=== THE INPUT ===

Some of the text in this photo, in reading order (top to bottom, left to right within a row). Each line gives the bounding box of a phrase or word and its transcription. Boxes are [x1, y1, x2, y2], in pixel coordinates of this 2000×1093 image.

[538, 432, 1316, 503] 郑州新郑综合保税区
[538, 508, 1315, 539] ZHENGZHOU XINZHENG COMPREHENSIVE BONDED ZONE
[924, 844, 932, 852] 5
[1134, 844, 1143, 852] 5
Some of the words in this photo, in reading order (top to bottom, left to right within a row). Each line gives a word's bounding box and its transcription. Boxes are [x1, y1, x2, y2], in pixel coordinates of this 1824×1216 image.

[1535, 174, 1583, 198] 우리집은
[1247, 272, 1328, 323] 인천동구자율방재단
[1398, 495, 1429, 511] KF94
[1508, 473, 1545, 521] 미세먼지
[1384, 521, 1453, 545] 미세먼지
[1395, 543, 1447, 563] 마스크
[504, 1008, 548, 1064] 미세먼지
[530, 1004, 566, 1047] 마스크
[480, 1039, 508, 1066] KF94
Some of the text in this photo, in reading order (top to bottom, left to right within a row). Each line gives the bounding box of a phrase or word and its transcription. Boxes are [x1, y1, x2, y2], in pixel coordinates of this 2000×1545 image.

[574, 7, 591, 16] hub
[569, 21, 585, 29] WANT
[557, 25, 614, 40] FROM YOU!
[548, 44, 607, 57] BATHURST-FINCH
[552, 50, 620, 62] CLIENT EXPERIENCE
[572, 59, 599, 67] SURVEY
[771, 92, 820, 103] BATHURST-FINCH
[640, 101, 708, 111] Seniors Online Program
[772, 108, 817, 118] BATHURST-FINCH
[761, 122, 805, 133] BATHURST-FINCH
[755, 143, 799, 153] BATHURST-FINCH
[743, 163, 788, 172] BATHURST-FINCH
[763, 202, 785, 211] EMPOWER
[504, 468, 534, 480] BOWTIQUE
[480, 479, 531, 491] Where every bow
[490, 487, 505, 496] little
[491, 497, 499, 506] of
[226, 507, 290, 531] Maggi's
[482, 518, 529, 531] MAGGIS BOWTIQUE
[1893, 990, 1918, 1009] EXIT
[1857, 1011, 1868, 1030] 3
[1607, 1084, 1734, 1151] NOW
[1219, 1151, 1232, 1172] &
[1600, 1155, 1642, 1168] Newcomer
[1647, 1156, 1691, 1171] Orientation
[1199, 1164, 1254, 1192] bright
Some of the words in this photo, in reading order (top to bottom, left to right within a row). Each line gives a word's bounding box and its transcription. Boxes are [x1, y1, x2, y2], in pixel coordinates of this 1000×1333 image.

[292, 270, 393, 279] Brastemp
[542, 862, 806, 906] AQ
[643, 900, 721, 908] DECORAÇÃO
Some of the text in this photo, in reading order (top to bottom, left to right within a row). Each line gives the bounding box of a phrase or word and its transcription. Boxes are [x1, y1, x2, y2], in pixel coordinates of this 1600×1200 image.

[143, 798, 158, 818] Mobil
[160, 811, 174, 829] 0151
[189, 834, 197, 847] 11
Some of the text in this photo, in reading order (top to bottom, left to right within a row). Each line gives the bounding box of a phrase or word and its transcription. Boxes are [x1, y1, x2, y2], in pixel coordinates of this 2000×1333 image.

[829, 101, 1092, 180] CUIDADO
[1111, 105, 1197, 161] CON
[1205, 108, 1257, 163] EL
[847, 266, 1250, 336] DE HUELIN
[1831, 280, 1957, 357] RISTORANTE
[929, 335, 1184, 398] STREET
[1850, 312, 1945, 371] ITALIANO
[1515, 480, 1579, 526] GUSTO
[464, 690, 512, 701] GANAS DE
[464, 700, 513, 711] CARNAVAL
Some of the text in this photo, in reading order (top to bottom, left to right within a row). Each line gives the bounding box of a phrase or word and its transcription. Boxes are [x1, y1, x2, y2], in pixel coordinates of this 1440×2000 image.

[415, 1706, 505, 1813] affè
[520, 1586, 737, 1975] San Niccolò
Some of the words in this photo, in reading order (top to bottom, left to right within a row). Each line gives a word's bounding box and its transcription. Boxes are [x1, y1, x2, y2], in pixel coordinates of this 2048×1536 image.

===

▶ **WHAT IS BEING ASKED**
Go through the entries and restate each one exactly.

▶ **EXERCISE SOLUTION**
Some of the text in this photo, in reading order (top to bottom, left to right within a row). Each line gives the bounding box of a phrase or word and its transcription. Boxes are [x1, y1, x2, y2], in pixel coordinates of this 2000×1093 image.

[538, 432, 1316, 503] 郑州新郑综合保税区
[538, 508, 1315, 539] ZHENGZHOU XINZHENG COMPREHENSIVE BONDED ZONE
[924, 844, 932, 852] 5
[1134, 844, 1143, 852] 5
Some of the words in this photo, in reading order (top to bottom, left to right within a row). Each line gives a word's bounding box and its transcription. Boxes are [x1, y1, x2, y2], in pixel coordinates of this 1824×1216 image.

[1535, 174, 1583, 198] 우리집은
[1247, 272, 1328, 323] 인천동구자율방재단
[1398, 495, 1429, 511] KF94
[1508, 473, 1545, 521] 미세먼지
[1384, 521, 1453, 545] 미세먼지
[1395, 543, 1447, 563] 마스크
[504, 1008, 548, 1064] 미세먼지
[530, 1004, 566, 1047] 마스크
[480, 1039, 508, 1066] KF94
Some of the text in this photo, in reading order (top to bottom, left to right within a row). Each line gives the bounding box of a phrase or word and its transcription. Boxes are [x1, y1, x2, y2], in pixel coordinates of this 2000×1545 image.

[574, 7, 591, 16] hub
[569, 21, 585, 29] WANT
[557, 25, 614, 40] FROM YOU!
[548, 44, 607, 57] BATHURST-FINCH
[552, 50, 620, 62] CLIENT EXPERIENCE
[572, 59, 599, 67] SURVEY
[771, 92, 820, 103] BATHURST-FINCH
[640, 101, 708, 111] Seniors Online Program
[772, 108, 817, 118] BATHURST-FINCH
[761, 122, 805, 133] BATHURST-FINCH
[755, 143, 799, 153] BATHURST-FINCH
[743, 163, 788, 172] BATHURST-FINCH
[763, 202, 785, 211] EMPOWER
[504, 468, 534, 480] BOWTIQUE
[480, 479, 531, 491] Where every bow
[490, 487, 505, 496] little
[491, 497, 499, 506] of
[226, 507, 290, 531] Maggi's
[482, 518, 529, 531] MAGGIS BOWTIQUE
[1893, 990, 1918, 1009] EXIT
[1857, 1011, 1868, 1030] 3
[1607, 1084, 1734, 1151] NOW
[1219, 1151, 1232, 1172] &
[1600, 1155, 1642, 1168] Newcomer
[1647, 1156, 1691, 1171] Orientation
[1199, 1164, 1254, 1192] bright
Some of the words in this photo, in reading order (top to bottom, left to right within a row). Each line gives a word's bounding box and its transcription. Boxes are [x1, y1, x2, y2], in pixel coordinates of this 1000×1333 image.

[292, 270, 393, 279] Brastemp
[542, 862, 806, 906] AQ
[643, 900, 721, 908] DECORAÇÃO
Some of the text in this photo, in reading order (top to bottom, left to right within a row). Each line gives the bounding box of a phrase or word and its transcription. Boxes are [x1, y1, x2, y2], in pixel coordinates of this 1600×1200 image.

[143, 798, 158, 818] Mobil
[160, 811, 174, 829] 0151
[189, 834, 197, 847] 11
Some of the text in this photo, in reading order (top to bottom, left to right within a row). Each line gives the bounding box of a phrase or word and its transcription. Boxes are [x1, y1, x2, y2], in pixel coordinates of this 2000×1333 image.

[829, 101, 1092, 180] CUIDADO
[1111, 105, 1197, 161] CON
[1205, 108, 1257, 163] EL
[847, 266, 1250, 336] DE HUELIN
[1831, 280, 1957, 357] RISTORANTE
[929, 335, 1184, 398] STREET
[1850, 312, 1945, 371] ITALIANO
[1515, 480, 1579, 526] GUSTO
[464, 690, 512, 701] GANAS DE
[464, 700, 513, 711] CARNAVAL
Some of the text in this photo, in reading order (top to bottom, left to right within a row). Each line gives the bounding box of a phrase or word and its transcription. Boxes are [x1, y1, x2, y2], in pixel coordinates of this 1440×2000 image.

[415, 1706, 505, 1813] affè
[520, 1586, 737, 1975] San Niccolò
Some of the words in this photo, in reading order (top to bottom, left to right within a row). Each line gives a word's bounding box and its transcription. Boxes are [x1, y1, x2, y2], in pixel coordinates of this 2048×1536 image.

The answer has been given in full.